Klopott also highlighted a portion of the 450-page executive budget financial plan released earlier this week, where budget officials indicate they plan to rely on $0 in “school aid/local district funding adjustment” to close the state’s budget deficit and said previously withheld or reduced payments to districts would be refunded by March 31.
Schenectady interim Superintendent Aaron Bochniak, who on Wednesday agreed with a school board member that it was possible the district still faced the potential of a 20-percent state aid cut by the end of the year, on Thursday said the message from the budget office was promising news but that he would need those assurances to come directly from state officials.
At the beginning of the school year, Schenectady City School District officials, facing reduced state aid and fearing even deeper reductions, slashed about $28 million in spending, laid off over 400 teachers and staff members and closed school buildings to secondary students. Gov. Andrew Cuomo at the time said state aid could be reduced by as much as 20 percent without federal support. Since those threats and layoffs, the state has fully funded most, but not all, payments to school districts this year. On Tuesday, Cuomo and his budget officials continued to walk back the 20-percent threat as they outlined Cuomo’s budget proposal for next school year. On Thursday they were explicit that school districts can expect to receive the funding levels outlined in last year’s enacted state budget.
“That’s promising news, and I will work with the Division of Budget to get some assurances, so as we work to restore programs and services, we understand to what extent we can do that,” Bochniak said Thursday.
Bochniak said he and other administrators next week will start planning how to restore programs and services for students, eyeing the start of the new semester next month to begin offering students some new programs and service, some of which would require rehiring some staff. Bochniak said the plans will prioritize increasing opportunities for students to receive in-person instruction; lowering class sizes in virtual classes; creating academic intervention and tutoring programs for students, and; expanding technology resources in the district.
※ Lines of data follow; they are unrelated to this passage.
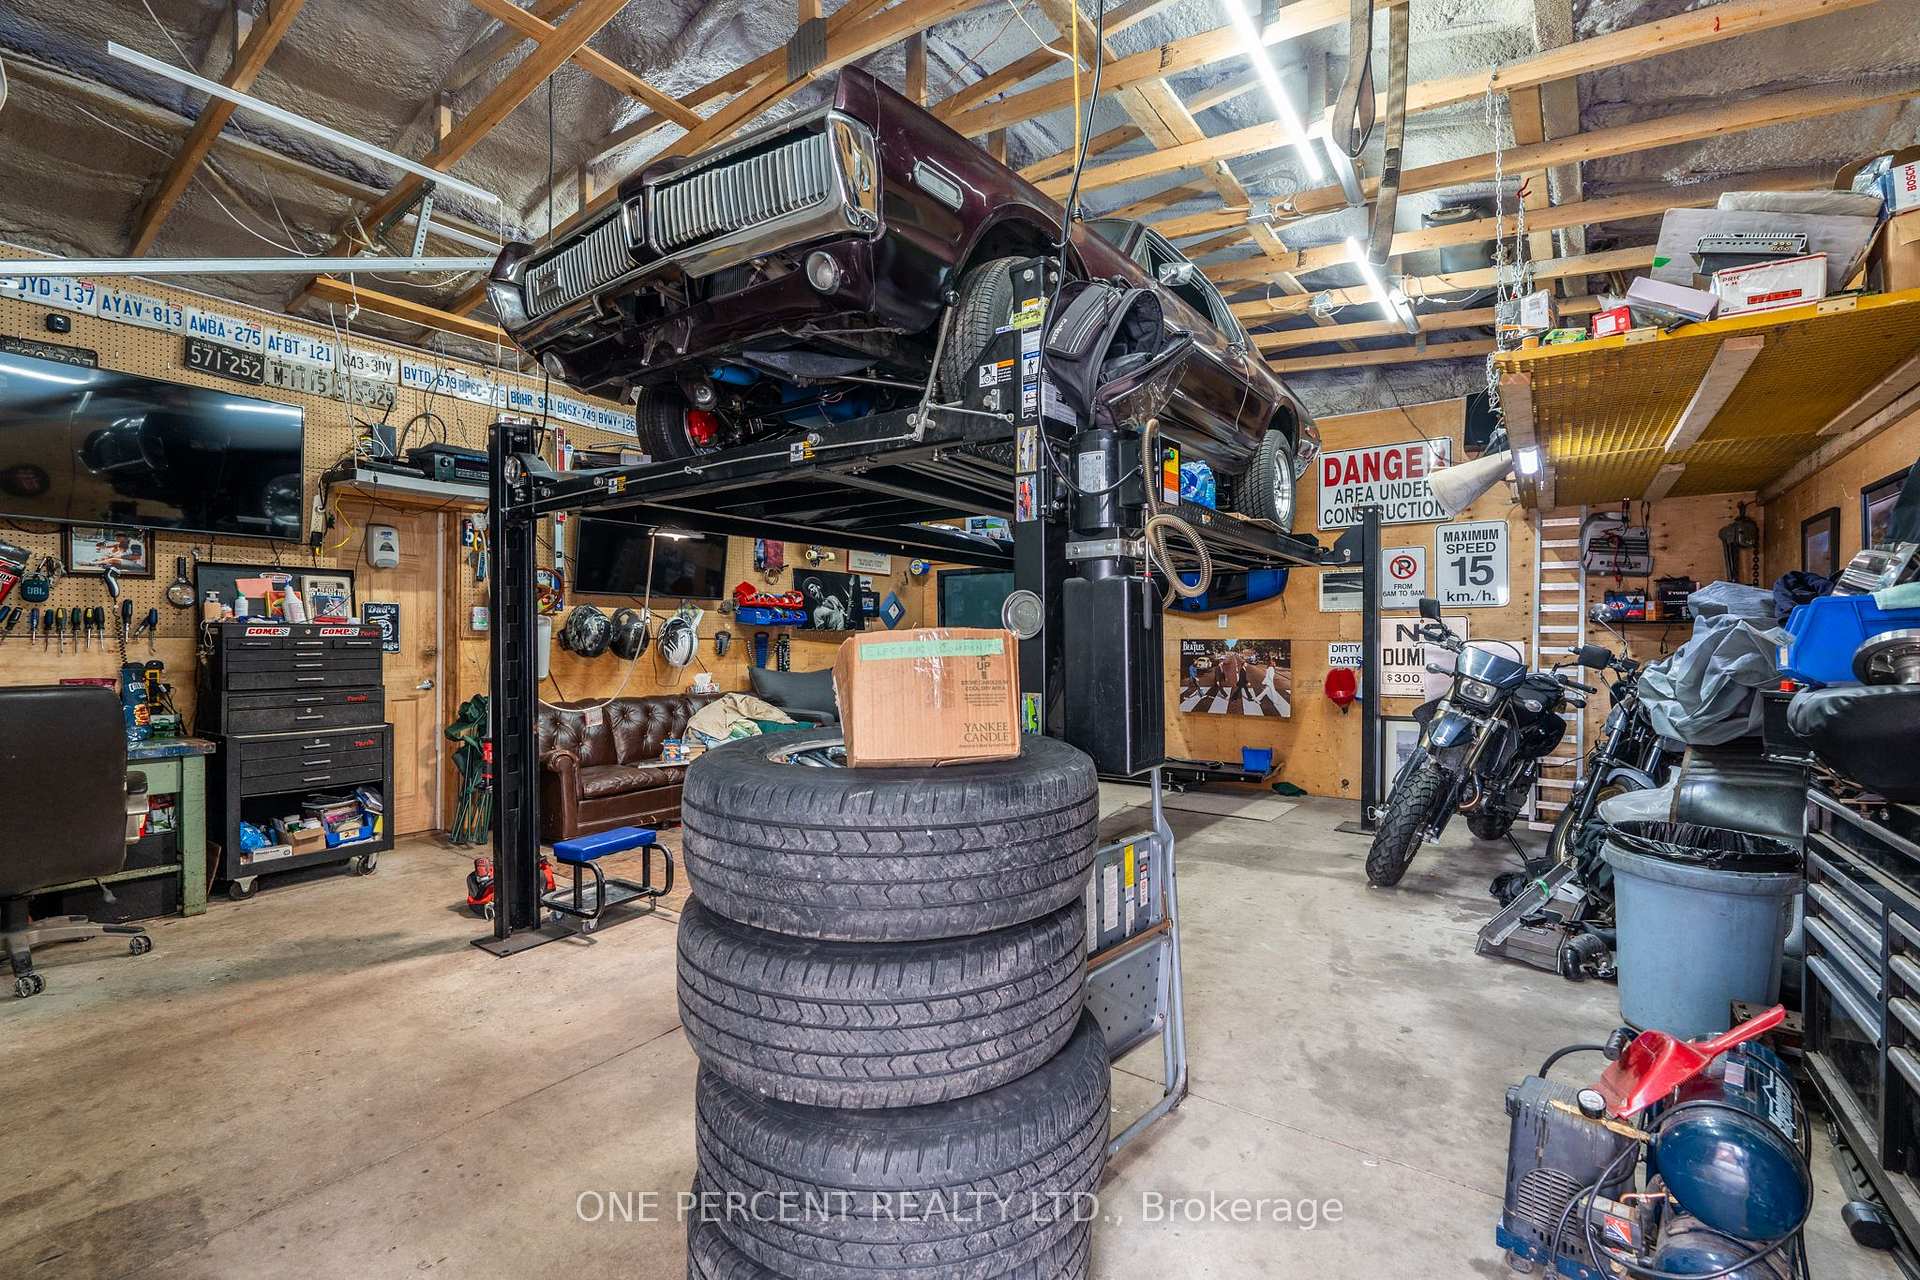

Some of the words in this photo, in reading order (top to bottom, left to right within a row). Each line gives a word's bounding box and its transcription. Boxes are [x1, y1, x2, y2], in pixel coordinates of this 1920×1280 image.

[1905, 164, 1917, 191] BOSCH
[1334, 486, 1375, 505] AREA
[1324, 500, 1446, 525] CONSRUCTION
[1444, 529, 1499, 542] MAXIMUM
[1446, 542, 1496, 555] SPEED
[1451, 555, 1495, 587] 15
[321, 627, 350, 635] COMP
[1331, 644, 1361, 653] DIRTY
[976, 661, 991, 671] UP
[1330, 656, 1362, 665] PARTS
[964, 722, 1009, 732] YANKEE
[964, 732, 1009, 743] CANDLE
He said district officials would create programs that could be scaled up as the district’s financial landscape becomes more clear.
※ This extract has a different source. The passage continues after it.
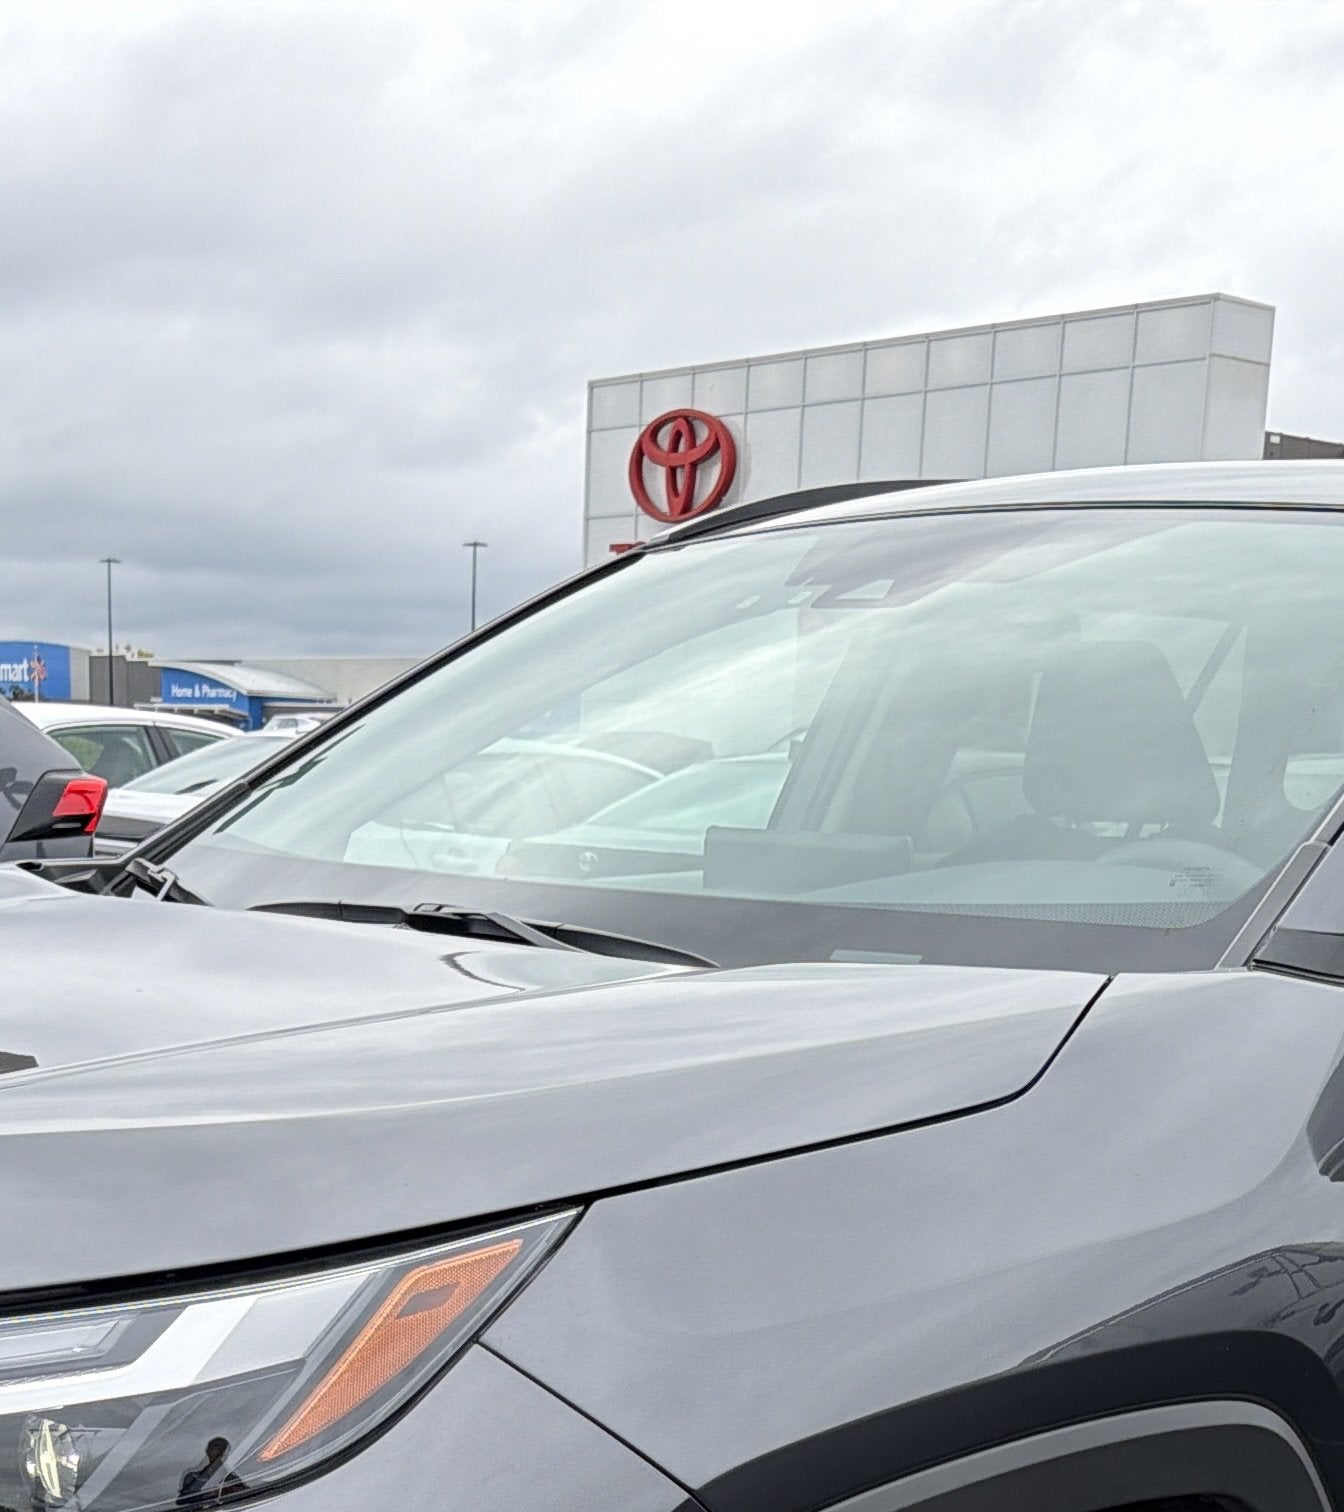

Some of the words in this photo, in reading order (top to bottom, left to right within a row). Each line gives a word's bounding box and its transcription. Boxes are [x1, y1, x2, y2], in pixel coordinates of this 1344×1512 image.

[170, 684, 193, 698] Home
[194, 684, 201, 698] &
[202, 684, 238, 703] Pharmacy
During Wednesday night’s school board meeting, which followed Tuesday’s comments from state Budget Director Robert Mujica that 20-percent cuts would not be necessary this year, board member Cathy Lewis said she thought the 20-percent cut was still possible.
On Thursday state budget officials indicated they didn’t understand why Schenectady district leaders were still operating under the belief that those cuts were still possible.
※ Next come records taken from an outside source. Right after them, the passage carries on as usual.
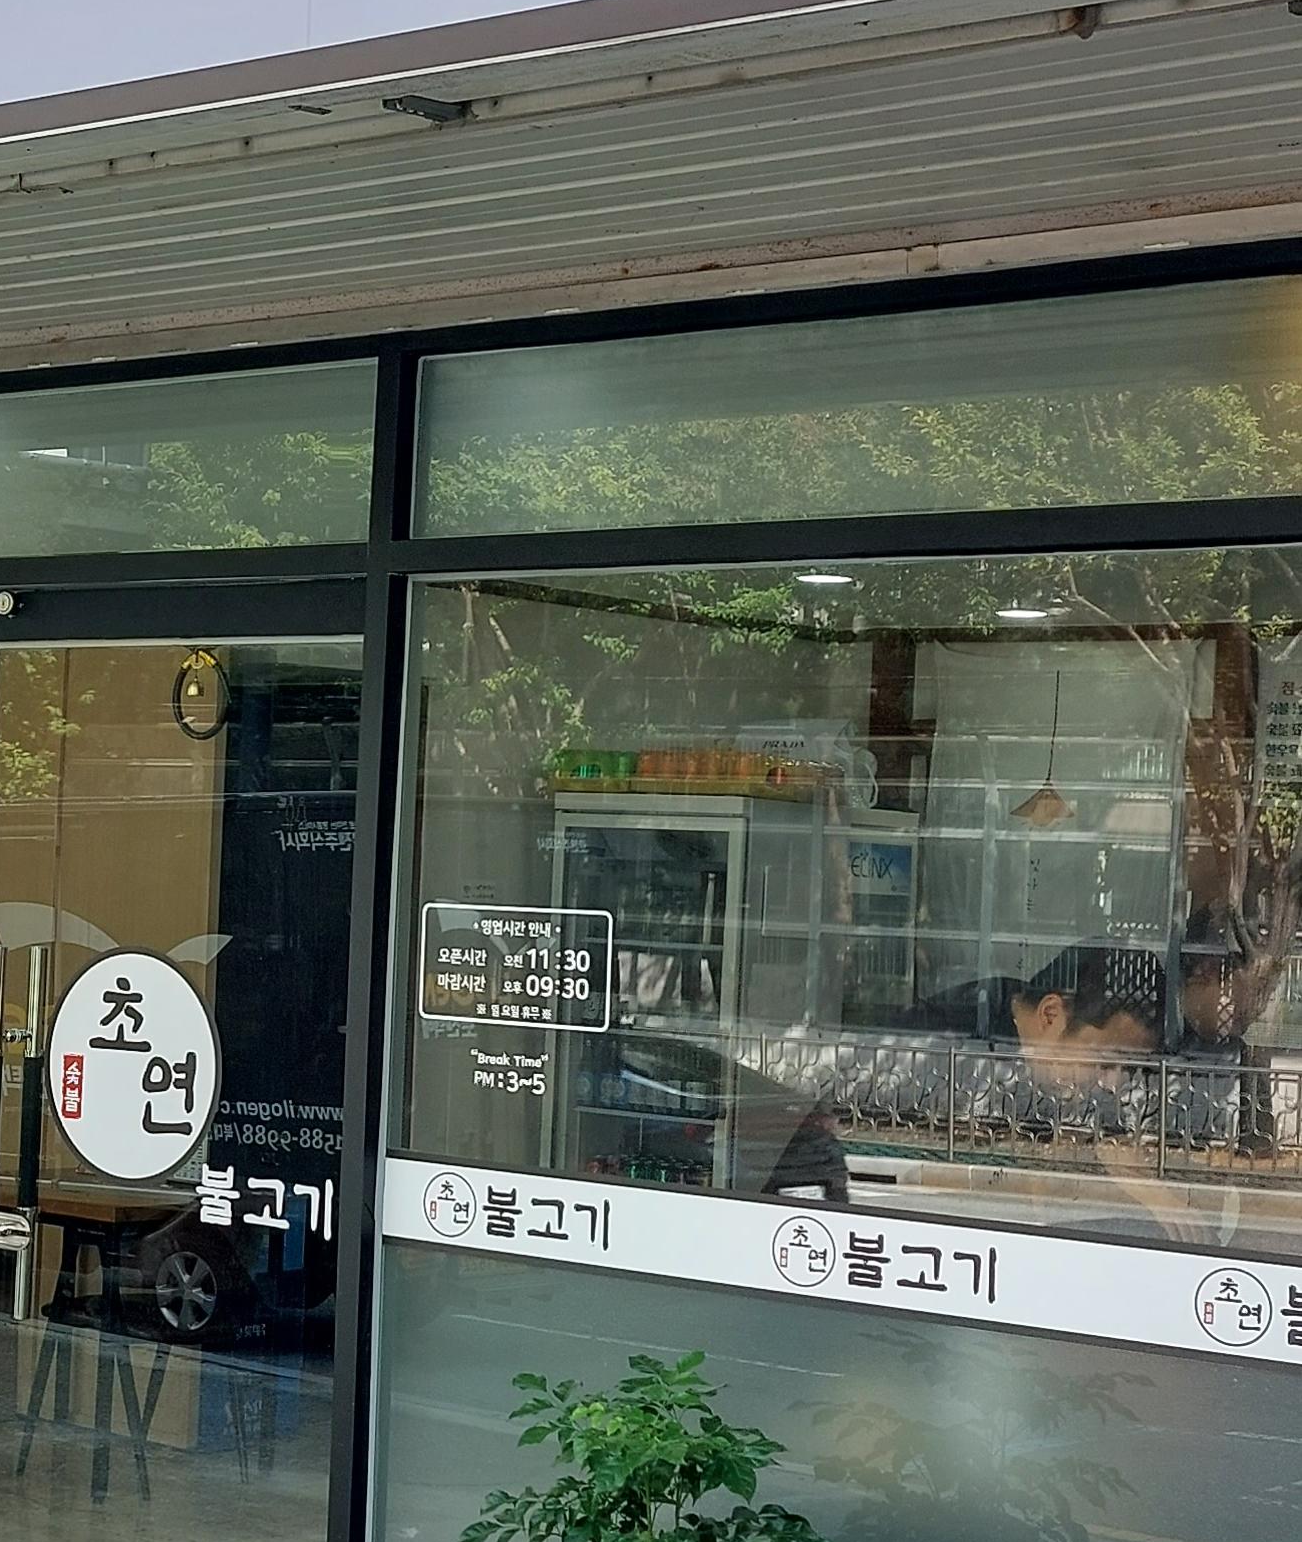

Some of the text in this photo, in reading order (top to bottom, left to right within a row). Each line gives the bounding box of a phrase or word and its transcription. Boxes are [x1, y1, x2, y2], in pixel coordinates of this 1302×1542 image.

[481, 920, 552, 939] 영업시간 안내
[437, 947, 591, 973] 오픈시간 오전 11:30
[437, 972, 590, 1000] 마감시간 오후 09:30
[196, 1163, 334, 1242] 불고기
[482, 1185, 611, 1251] 불고기
[842, 1231, 997, 1304] 불고기
“We don’t know what’s happening with the school district,” Division of Budget spokesperson Klopott stated Thursday. “It is locally controlled and they make all hiring and firing decisions. We have made it clear that the state will be paying 100% of P-12 education aid in the current year — no funds will be withheld.”
Bochniak countered that the state budget office’s messaging has been far from clear in recent months, noting that he has not received clear communication from state officials indicating how much of the district’s outstanding aid payments would come through this year. He said some aid payments to the district have been reduced and he doesn’t know when those payments will be refunded or to what extent.
“I’m really glad that they are saying the check is in the mail, but we need to know that,” Bochniak said.
Some community members and the district’s teachers union leader have called on district officials to begin restoring budget cuts and rehiring staff. Jamaica Miles, a local activist and Schenectady parent, said education advocates were successful in fighting back against mid-year budget cuts to schools and said Schenectady district officials should move immediately to mitigate the harm being done to students still suffering under the district’s budget cuts and layoffs.
“It’s traumatic and every single day is another day that our children are falling further and further behind,” Miles said. “Our district has not only the responsibility but the opportunity to change that right now.”